*WORK TO BE COMPLETED*: Each entry needs to be copied exactly, with nothing left out.

=== Section Start ===

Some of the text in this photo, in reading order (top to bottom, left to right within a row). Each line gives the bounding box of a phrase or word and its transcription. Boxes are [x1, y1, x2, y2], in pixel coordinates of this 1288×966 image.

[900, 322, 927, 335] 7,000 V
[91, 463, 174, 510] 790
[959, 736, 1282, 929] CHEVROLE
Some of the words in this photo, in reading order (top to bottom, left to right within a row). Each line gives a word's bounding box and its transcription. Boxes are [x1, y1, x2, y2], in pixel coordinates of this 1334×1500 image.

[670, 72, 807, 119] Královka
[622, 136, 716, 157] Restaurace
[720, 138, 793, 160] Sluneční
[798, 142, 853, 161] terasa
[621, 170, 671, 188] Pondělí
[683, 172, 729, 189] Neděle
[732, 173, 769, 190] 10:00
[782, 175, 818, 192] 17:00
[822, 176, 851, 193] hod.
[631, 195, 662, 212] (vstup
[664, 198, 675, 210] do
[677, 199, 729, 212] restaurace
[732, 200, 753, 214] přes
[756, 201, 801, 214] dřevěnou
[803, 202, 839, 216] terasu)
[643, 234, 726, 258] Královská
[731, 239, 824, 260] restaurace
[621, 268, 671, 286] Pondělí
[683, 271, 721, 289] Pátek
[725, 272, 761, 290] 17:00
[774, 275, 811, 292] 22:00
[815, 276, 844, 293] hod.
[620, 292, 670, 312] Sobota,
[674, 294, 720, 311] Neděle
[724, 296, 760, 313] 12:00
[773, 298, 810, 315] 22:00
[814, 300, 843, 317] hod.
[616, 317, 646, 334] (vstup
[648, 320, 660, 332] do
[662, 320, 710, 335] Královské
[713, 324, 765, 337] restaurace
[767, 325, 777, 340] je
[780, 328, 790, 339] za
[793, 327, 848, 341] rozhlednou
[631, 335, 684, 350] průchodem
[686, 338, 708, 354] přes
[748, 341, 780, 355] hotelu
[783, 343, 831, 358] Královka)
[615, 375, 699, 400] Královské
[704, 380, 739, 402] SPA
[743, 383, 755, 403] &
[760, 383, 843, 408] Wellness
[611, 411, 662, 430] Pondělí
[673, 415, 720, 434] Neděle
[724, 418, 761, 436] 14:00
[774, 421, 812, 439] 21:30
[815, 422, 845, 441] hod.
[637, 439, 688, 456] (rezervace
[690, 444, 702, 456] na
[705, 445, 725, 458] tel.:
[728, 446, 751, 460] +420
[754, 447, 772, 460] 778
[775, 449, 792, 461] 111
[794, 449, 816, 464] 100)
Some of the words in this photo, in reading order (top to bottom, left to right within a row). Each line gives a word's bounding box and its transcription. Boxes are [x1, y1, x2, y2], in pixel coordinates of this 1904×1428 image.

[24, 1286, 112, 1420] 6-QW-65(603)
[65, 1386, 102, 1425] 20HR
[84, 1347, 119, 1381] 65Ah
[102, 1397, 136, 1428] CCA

=== Section End ===

*ANSWER SECTION*:
Some of the text in this photo, in reading order (top to bottom, left to right within a row). Each line gives the bounding box of a phrase or word and its transcription. Boxes are [x1, y1, x2, y2], in pixel coordinates of this 1288×966 image.

[900, 322, 927, 335] 7,000 V
[91, 463, 174, 510] 790
[959, 736, 1282, 929] CHEVROLE
Some of the words in this photo, in reading order (top to bottom, left to right within a row). Each line gives a word's bounding box and its transcription. Boxes are [x1, y1, x2, y2], in pixel coordinates of this 1334×1500 image.

[670, 72, 807, 119] Královka
[622, 136, 716, 157] Restaurace
[720, 138, 793, 160] Sluneční
[798, 142, 853, 161] terasa
[621, 170, 671, 188] Pondělí
[683, 172, 729, 189] Neděle
[732, 173, 769, 190] 10:00
[782, 175, 818, 192] 17:00
[822, 176, 851, 193] hod.
[631, 195, 662, 212] (vstup
[664, 198, 675, 210] do
[677, 199, 729, 212] restaurace
[732, 200, 753, 214] přes
[756, 201, 801, 214] dřevěnou
[803, 202, 839, 216] terasu)
[643, 234, 726, 258] Královská
[731, 239, 824, 260] restaurace
[621, 268, 671, 286] Pondělí
[683, 271, 721, 289] Pátek
[725, 272, 761, 290] 17:00
[774, 275, 811, 292] 22:00
[815, 276, 844, 293] hod.
[620, 292, 670, 312] Sobota,
[674, 294, 720, 311] Neděle
[724, 296, 760, 313] 12:00
[773, 298, 810, 315] 22:00
[814, 300, 843, 317] hod.
[616, 317, 646, 334] (vstup
[648, 320, 660, 332] do
[662, 320, 710, 335] Královské
[713, 324, 765, 337] restaurace
[767, 325, 777, 340] je
[780, 328, 790, 339] za
[793, 327, 848, 341] rozhlednou
[631, 335, 684, 350] průchodem
[686, 338, 708, 354] přes
[748, 341, 780, 355] hotelu
[783, 343, 831, 358] Královka)
[615, 375, 699, 400] Královské
[704, 380, 739, 402] SPA
[743, 383, 755, 403] &
[760, 383, 843, 408] Wellness
[611, 411, 662, 430] Pondělí
[673, 415, 720, 434] Neděle
[724, 418, 761, 436] 14:00
[774, 421, 812, 439] 21:30
[815, 422, 845, 441] hod.
[637, 439, 688, 456] (rezervace
[690, 444, 702, 456] na
[705, 445, 725, 458] tel.:
[728, 446, 751, 460] +420
[754, 447, 772, 460] 778
[775, 449, 792, 461] 111
[794, 449, 816, 464] 100)
Some of the words in this photo, in reading order (top to bottom, left to right within a row). Each line gives a word's bounding box and its transcription. Boxes are [x1, y1, x2, y2], in pixel coordinates of this 1904×1428 image.

[24, 1286, 112, 1420] 6-QW-65(603)
[65, 1386, 102, 1425] 20HR
[84, 1347, 119, 1381] 65Ah
[102, 1397, 136, 1428] CCA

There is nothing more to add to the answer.